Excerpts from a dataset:
[Start of Attachment]
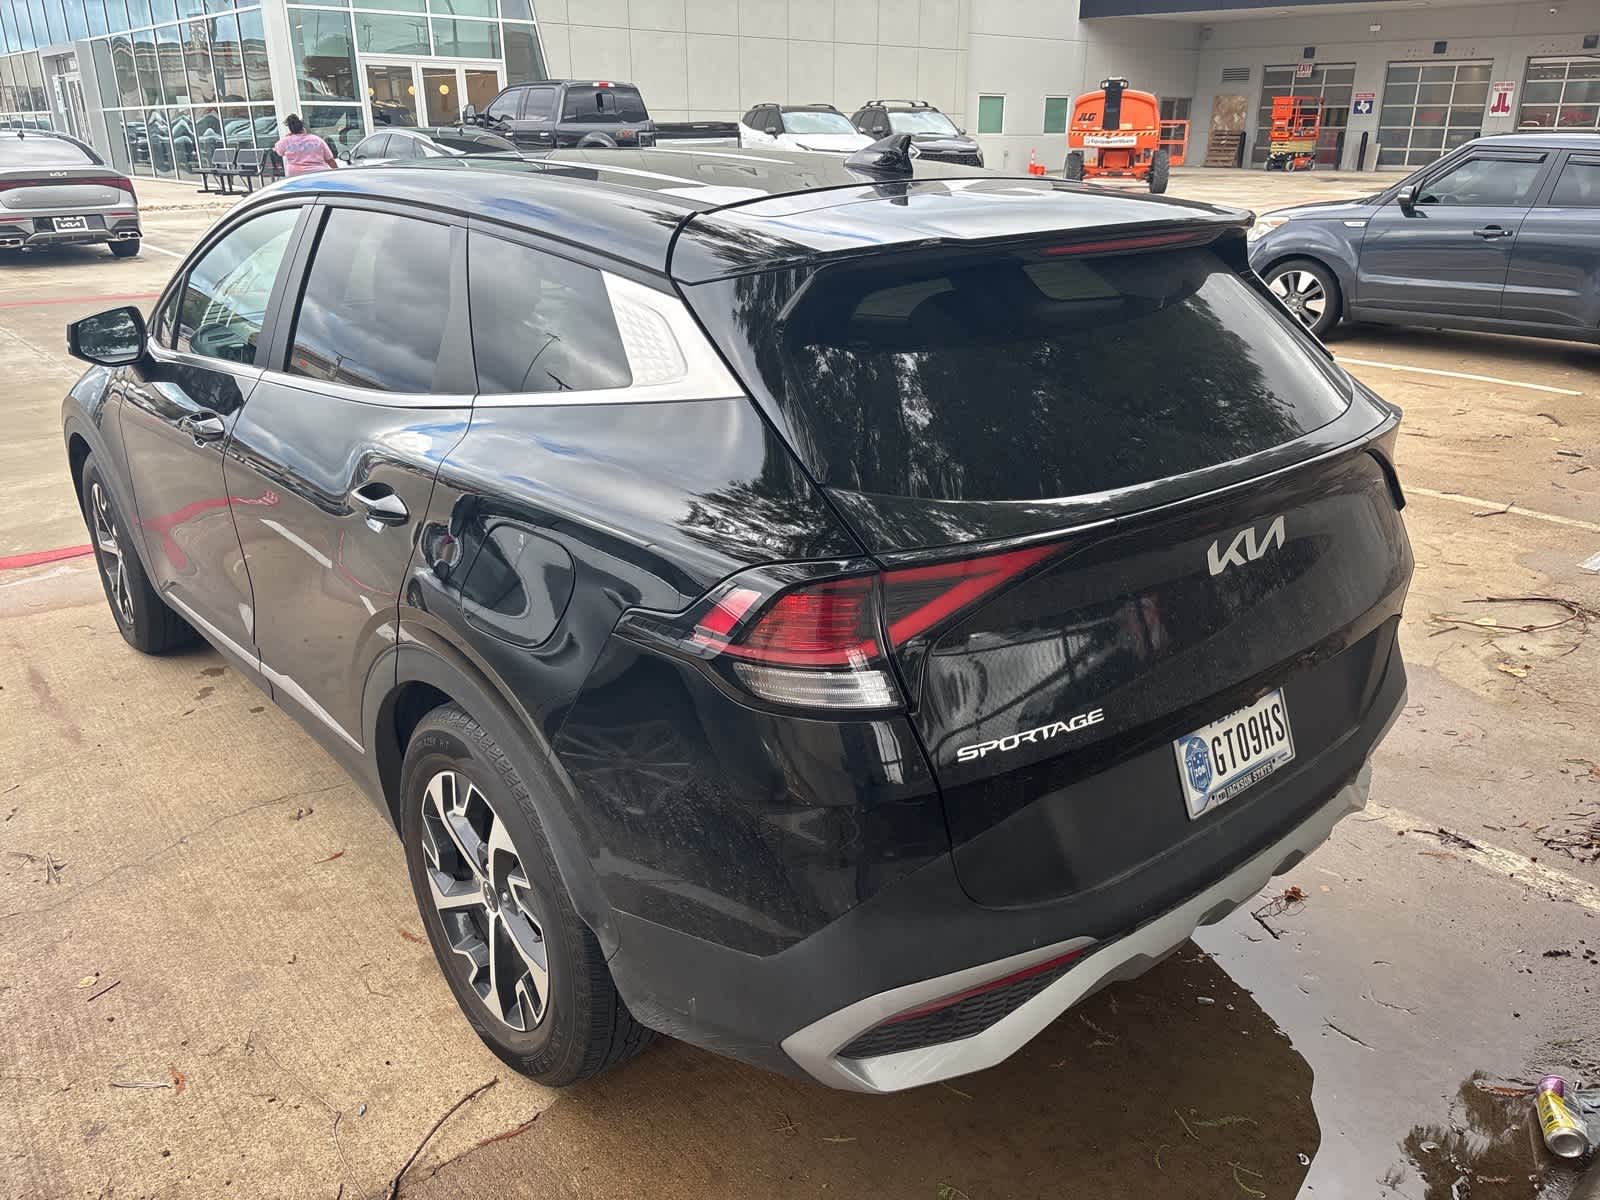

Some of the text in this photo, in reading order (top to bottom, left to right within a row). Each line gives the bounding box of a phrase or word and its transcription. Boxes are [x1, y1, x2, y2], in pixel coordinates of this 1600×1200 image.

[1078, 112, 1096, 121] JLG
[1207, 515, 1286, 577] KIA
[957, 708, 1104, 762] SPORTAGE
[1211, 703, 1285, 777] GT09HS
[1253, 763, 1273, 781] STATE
[End of Attachment]
> _WORK TO COMPLETE_: Exactly retype each record above, dropping images.

> _RESPONSE BELOW_:
Some of the text in this photo, in reading order (top to bottom, left to right within a row). Each line gives the bounding box of a phrase or word and its transcription. Boxes are [x1, y1, x2, y2], in pixel coordinates of this 1600×1200 image.

[1078, 112, 1096, 121] JLG
[1207, 515, 1286, 577] KIA
[957, 708, 1104, 762] SPORTAGE
[1211, 703, 1285, 777] GT09HS
[1253, 763, 1273, 781] STATE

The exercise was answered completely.